16 Things I’ve Learned About Early Motherhood
Because I'm too tired to come up with a round number
My daughter Mitra recently turned 9 months old, out in the big wide world for the same amount of time that I carried her. As she babbles incoherently, cruises around furniture, joyfully devours the meals I cook, and tears up and eats any newspaper and magazine in sight, I’ve also been able to return to some elements of my previous life. I’m back to working again, which has been invigorating; enjoying nights out with friends, which has been enchanting; and I’ve finally found the time to cook meals that take longer than 20 minutes to prepare, which has been rewarding for my family but bad for the tech companies who have been delivering most of our takeaways.
Like all new parents, the impact of the last 9 months has been profound, and I’m still finding my feet. Nothing can prepare you for the complete overhaul of your life when you have your first baby, no matter how many books you read or friends you talk to. So here are a few things I’ve learned about early motherhood…

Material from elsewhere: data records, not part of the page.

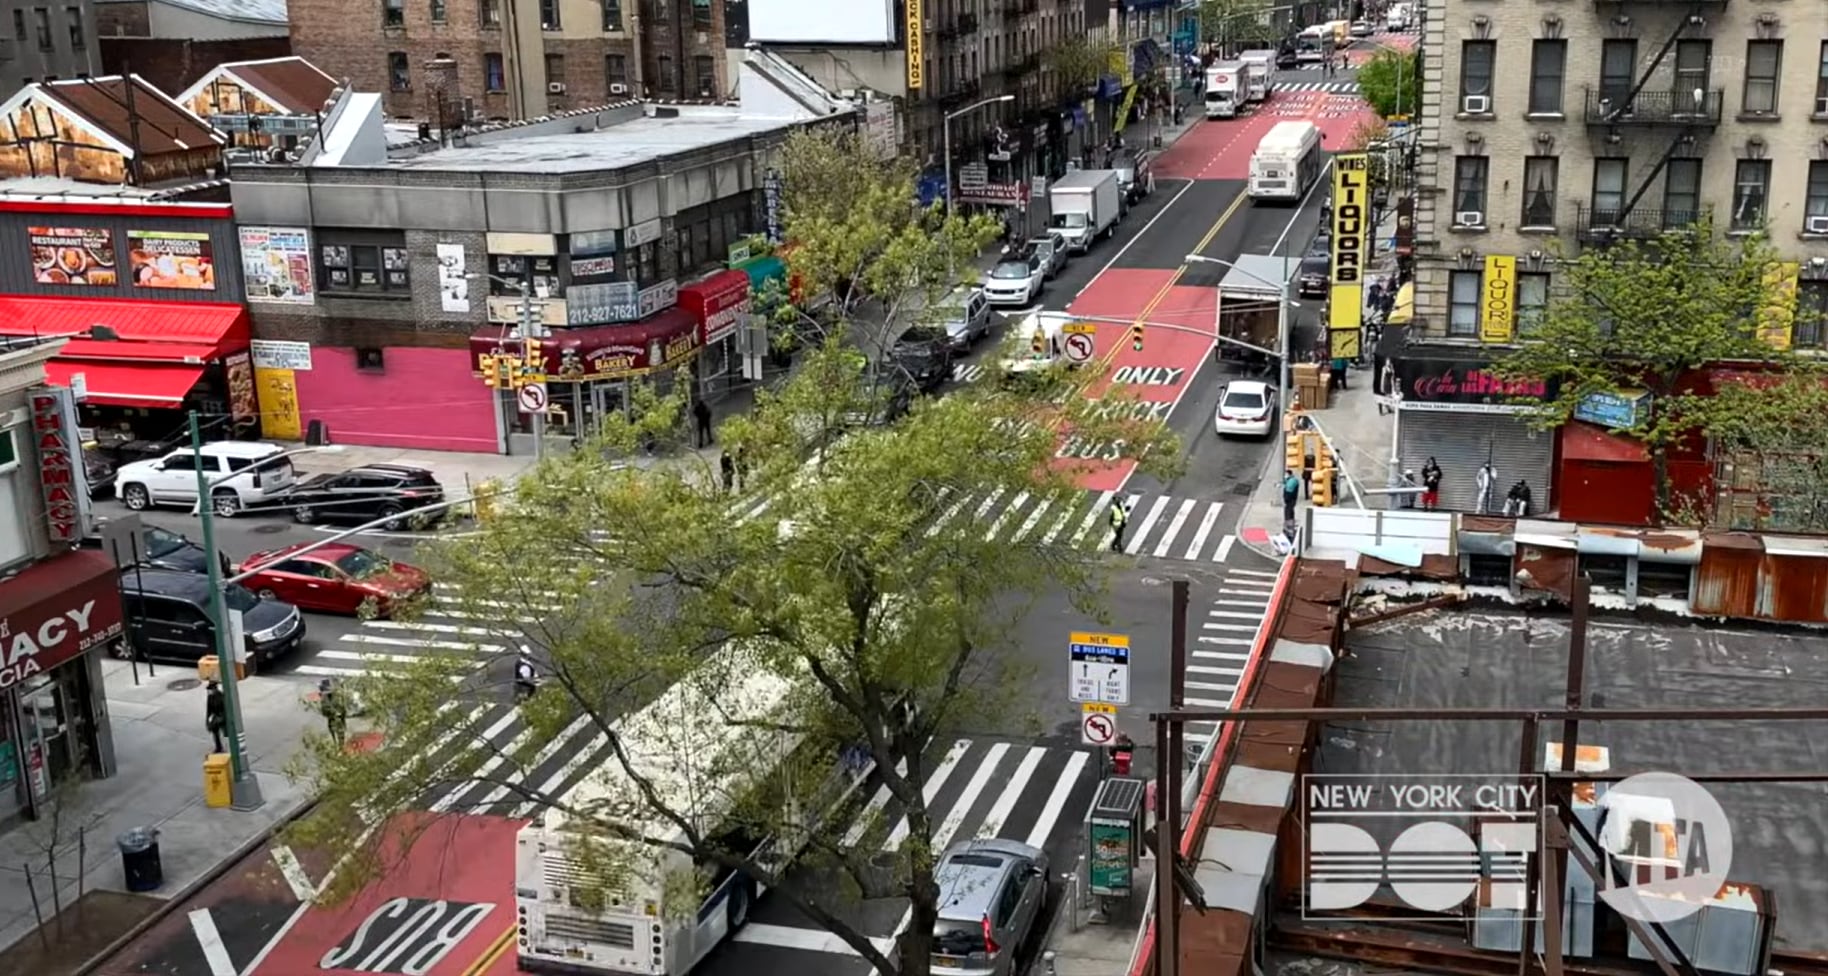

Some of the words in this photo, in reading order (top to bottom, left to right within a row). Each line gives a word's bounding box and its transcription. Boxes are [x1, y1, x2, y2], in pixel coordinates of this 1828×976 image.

[910, 22, 920, 79] CASHING
[1338, 158, 1366, 171] WINES
[1337, 173, 1361, 282] LIQUORS
[31, 236, 82, 247] RESTAURANT
[143, 246, 201, 255] DELICATESSEN
[595, 355, 636, 371] BAKERY
[1111, 366, 1185, 385] ONLY
[1056, 433, 1128, 461] BUS
[33, 396, 72, 540] PHARMACY
[0, 600, 95, 670] ACY
[1090, 636, 1109, 644] NEW
[1089, 705, 1109, 713] NEW
[319, 896, 497, 976] BUS

1. You will cherish the meals that people bring you
In those hazy early weeks, when days and nights blur together, the comfort that came from eating lovingly prepared food cooked by friends and family will stay with me forever. The sweet rhubarb crumble that I ate hovering over a breast pump. The vegetable lasagna I cut into pieces and scooped up one-handed with a spoon while breastfeeding. The huge moussaka that we divided into portions to save us for future meals. Special bonus points to the people who said they didn’t even want to come in but would leave food at the door. THEY REALLY GOT IT. If your friend is having a baby, spend part of the baby shower setting up a meal train for people to bring them food. They’ll thank you for it later.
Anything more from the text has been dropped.